Las salas de cine, teatro, espectáculos, casinos y museos de Francia no reabrirán como estaba previsto el próximo martes, sino que deberán esperar hasta principios de enero, según anunció este jueves el primer ministro, Jean Castex, que endureció además el toque de queda del 31 de diciembre.

"A partir del próximo martes, como habíamos anunciado, pasaremos a una nueva etapa, pero las reglas serán más estrictas. Los establecimientos públicos que iban a reabrir permanecerán cerrados tres semanas más", dijo en una rueda de prensa, donde explicó que no se dan todavía las condiciones sanitarias para la reapertura.

El presidente, Emmanuel Macron, había condicionado la flexibilización del confinamiento a partir del 15 de diciembre a una reducción de los contagios diarios a 5.000, pero con cerca de 14.000 y 15.000 positivos en los últimos días, el ministro de Sanidad, Olivier Véran, ha afirmado este jueves que este objetivo "no se cumplirá".

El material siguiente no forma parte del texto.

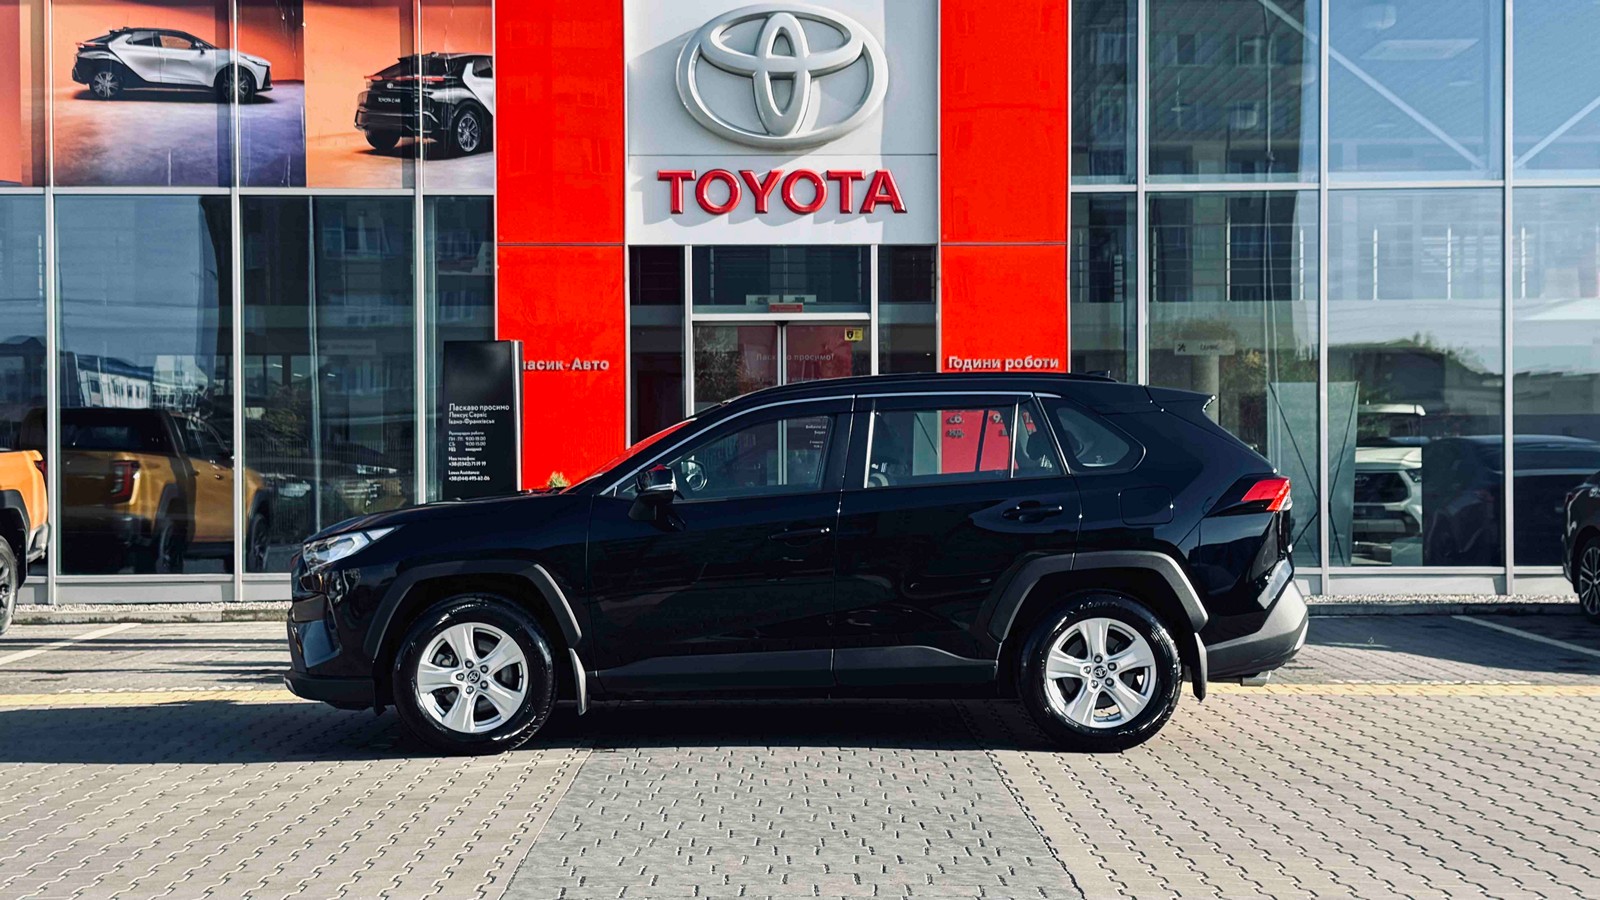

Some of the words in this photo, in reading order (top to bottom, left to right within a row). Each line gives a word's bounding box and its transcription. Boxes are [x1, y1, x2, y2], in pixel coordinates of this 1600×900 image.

[657, 168, 908, 215] TOYOTA
[948, 356, 1001, 371] Години
[1005, 355, 1059, 372] роботи
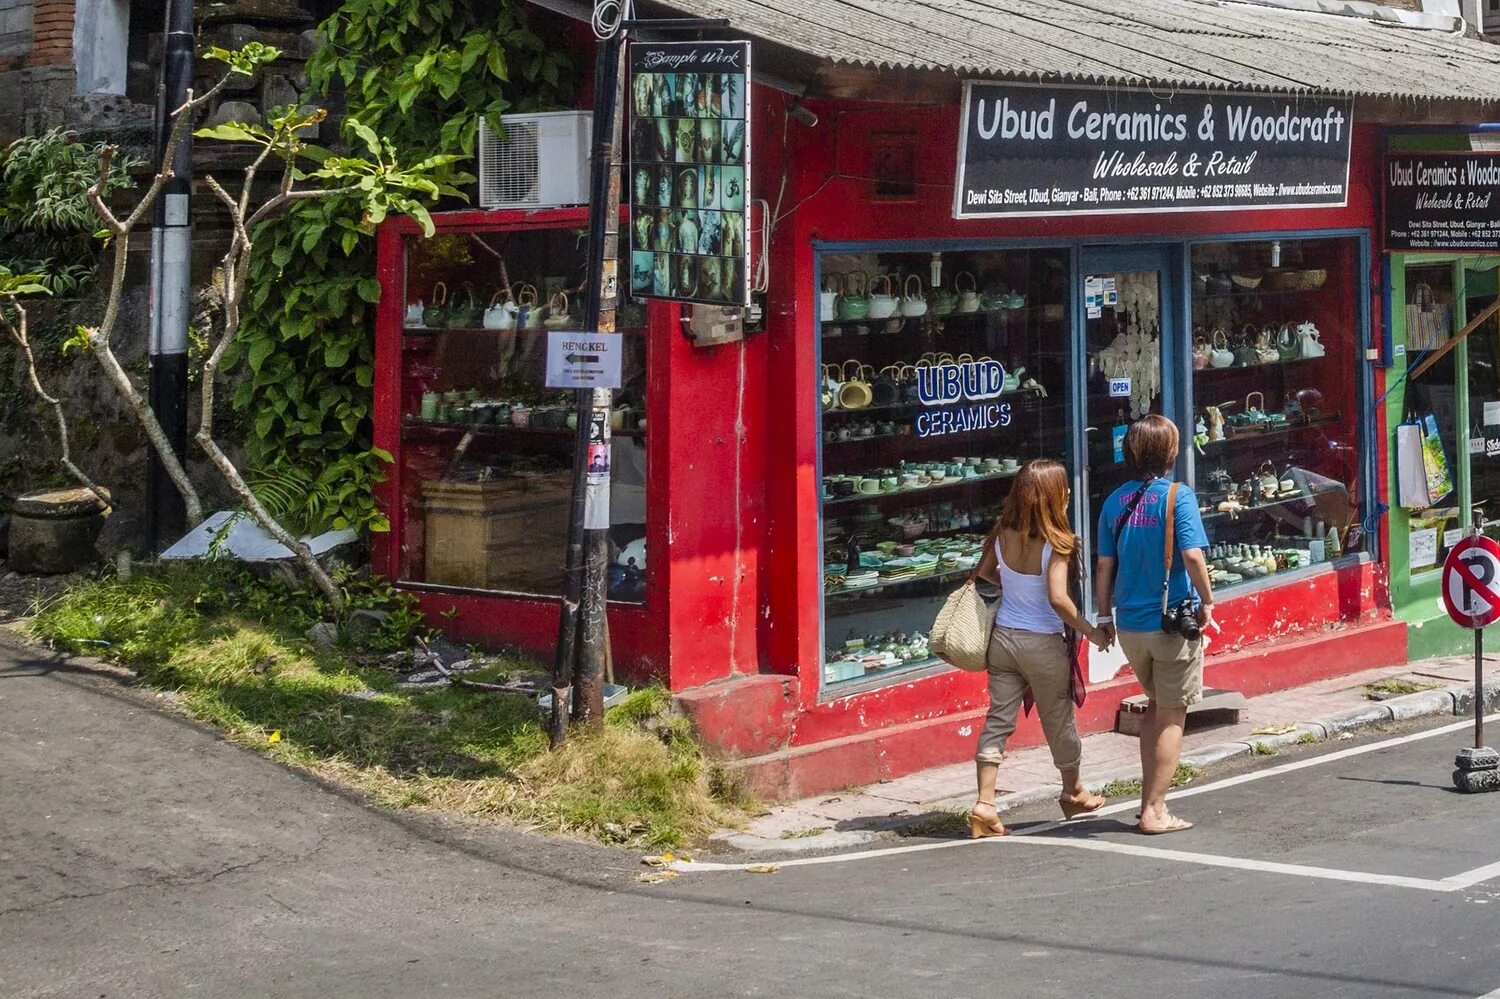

"Más contactos en espacios cerrados, mayores son los riesgos"

"Sabemos que cuanto más multiplicamos los contactos en espacios cerrados, mayores son los riesgos. Por ello queremos limitar la ocasión de reunirse en casa de unos y otros", dijo Castex, quien alertó de que las celebraciones de Nochevieja tienen "todos los ingredientes para un repunte epidémico".

La excepción de las fiestas de fin de año será la Nochebuena, la única en la que no se impondrá el toque de queda, aunque el Gobierno insiste en reclamar prudencia y responsabilidad, limitando las reuniones a seis adultos.

La intención del Ejecutivo es evitar un repunte de la epidemia en enero, como ha sucedido en Canadá y Estados Unidos tras las fiestas de Acción de Gracias, y, por otro lado, impedir que la dinámica epidémica crezca al no permitir concentraciones ciudadanas en salas cerradas, como ocurre por ejemplo en museos.